То, как на протяжении, думаю, 40 или 50 минут Малик делает процесс зарождения любви между мужчиной и женщиной, заслуживает безусловного внимания культурной общественности. Эта линия, безо всякого сомнения, проведена гениальной рукою, и это, безусловно, высокая классика. Тут как раз случай, когда краткое словесное описание не дает адекватного представления. Это похоже на немое кино, и это фактически документальное кино под великолепную музыку Джеймса Хорнера. Тут можно было бы поговорить о монтажных теориях 20-х годов, об Эйзенштейне и Пудовкине, о прочих великих тенях прошлого. За неимением времени и места акцентирую другое.

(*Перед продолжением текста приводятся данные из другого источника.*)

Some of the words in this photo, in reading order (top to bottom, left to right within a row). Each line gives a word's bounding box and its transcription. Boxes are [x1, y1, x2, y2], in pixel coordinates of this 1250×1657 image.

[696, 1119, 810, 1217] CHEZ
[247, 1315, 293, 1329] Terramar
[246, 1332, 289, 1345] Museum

Матс Эк, постановщик фильма-балета "Спящая красавица", тяготится клишированными движениями танцоров в той же степени, в какой Терренс Малик тяготится штампами кинематографического языка. Матсу Эку хочется достать до моей, зрительской, психомоторики, он страстно желает приблизить героев к нетанцующему мне. И тогда он берет некие движения человеческого тела прямо из повседневного быта, а после окультуривает эти повседневные пластические вибрации, доводя их до стадии выразительности. Обрабатывая хореографическими приемчиками и ритмом.

В некотором смысле Малик и Эк движутся навстречу друг другу с противоположных полюсов, с тем чтобы встретиться на экваторе. Эк привносит в предельно условное искусство танца - повседневное измерение. Малик же организует жизнеподобное кинематографическое пространство по законам человеческой телесности, то бишь по законам пластики и ритма. Оба достают прямо до меня: стоило мне во время просмотра сделать движение рукой или ногой, как я парадоксальным образом оказывался и в мире фильма, и в мире балета!

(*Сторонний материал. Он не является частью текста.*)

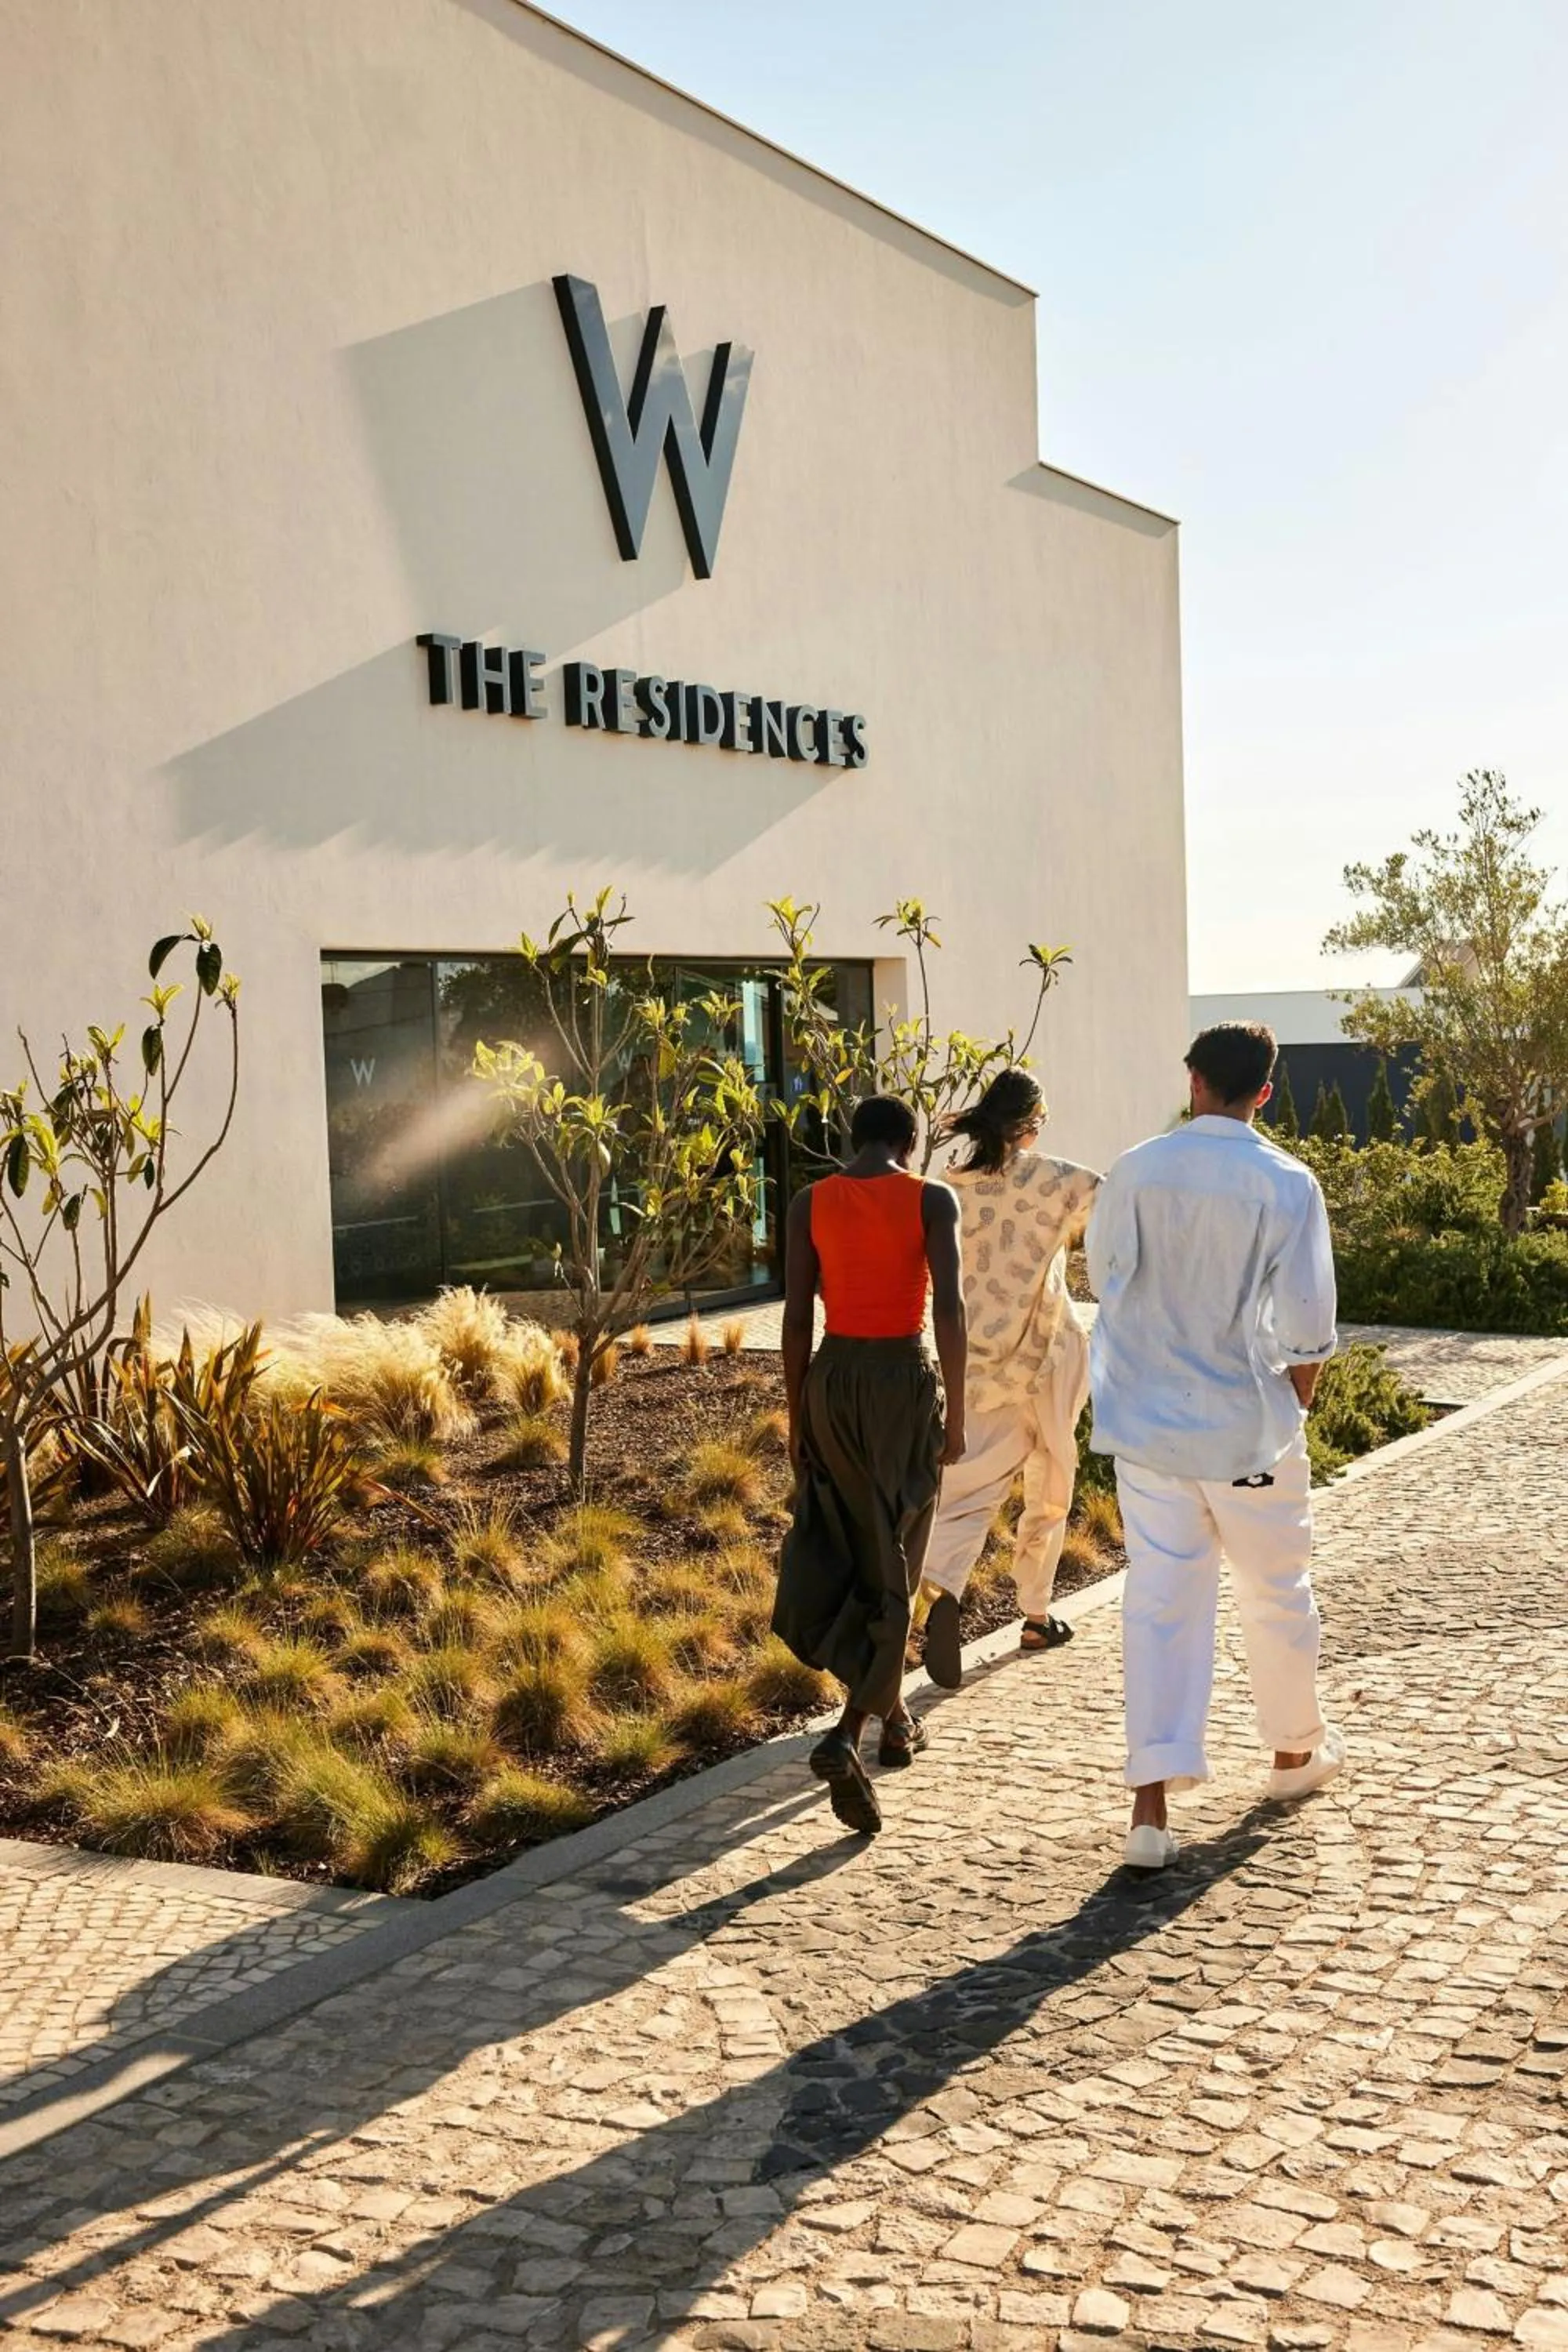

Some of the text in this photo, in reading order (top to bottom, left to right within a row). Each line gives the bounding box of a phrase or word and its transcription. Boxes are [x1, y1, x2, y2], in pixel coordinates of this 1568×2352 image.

А в чем же художественное и, шире, духовное значение такого рода приема? В том, что, актуализируя телесность, Малик ставит зрителя перед проблемой соотношения жизни и смерти, перед идеей бренности тела и вечности любви. Вот если вы таки влипнете в этот текст, то бишь фильм, вы сами почувствуете то, что почувствовал я. А если вам покажется, что фильм "обычный, костюмный, голливудский, фальшивый", то, значит, вы легкомысленно пренебрегли его специфической выразительностью.

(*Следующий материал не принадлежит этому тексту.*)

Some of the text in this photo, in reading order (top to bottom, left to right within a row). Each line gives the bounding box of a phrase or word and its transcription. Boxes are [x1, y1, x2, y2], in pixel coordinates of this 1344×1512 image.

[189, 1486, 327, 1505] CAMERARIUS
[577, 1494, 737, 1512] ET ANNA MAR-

Почему еще фильм Малика может быть здесь непонятен? Потому, что он укоренен в некоей американской традиции. В начальных титрах отдельно выделен актер Колин Фаррел, но это, видимо, связано с проблемой звездного статуса и гонораров. Хотя в фильме есть куски внутреннего монолога Джона Смита, картина в целом - это история именно женщины, сначала языческой принцессы, а после христианской жены. На протяжении всей картины она вопрошает о загробном мире. Один из последних кадров фильма - крест и памятник на ее могиле. А история Джона Смита на этом не заканчивается, он исчезает из сюжета еще до смерти своей бывшей возлюбленной, отправляясь на новые поиски (идея мужского экспансионизма).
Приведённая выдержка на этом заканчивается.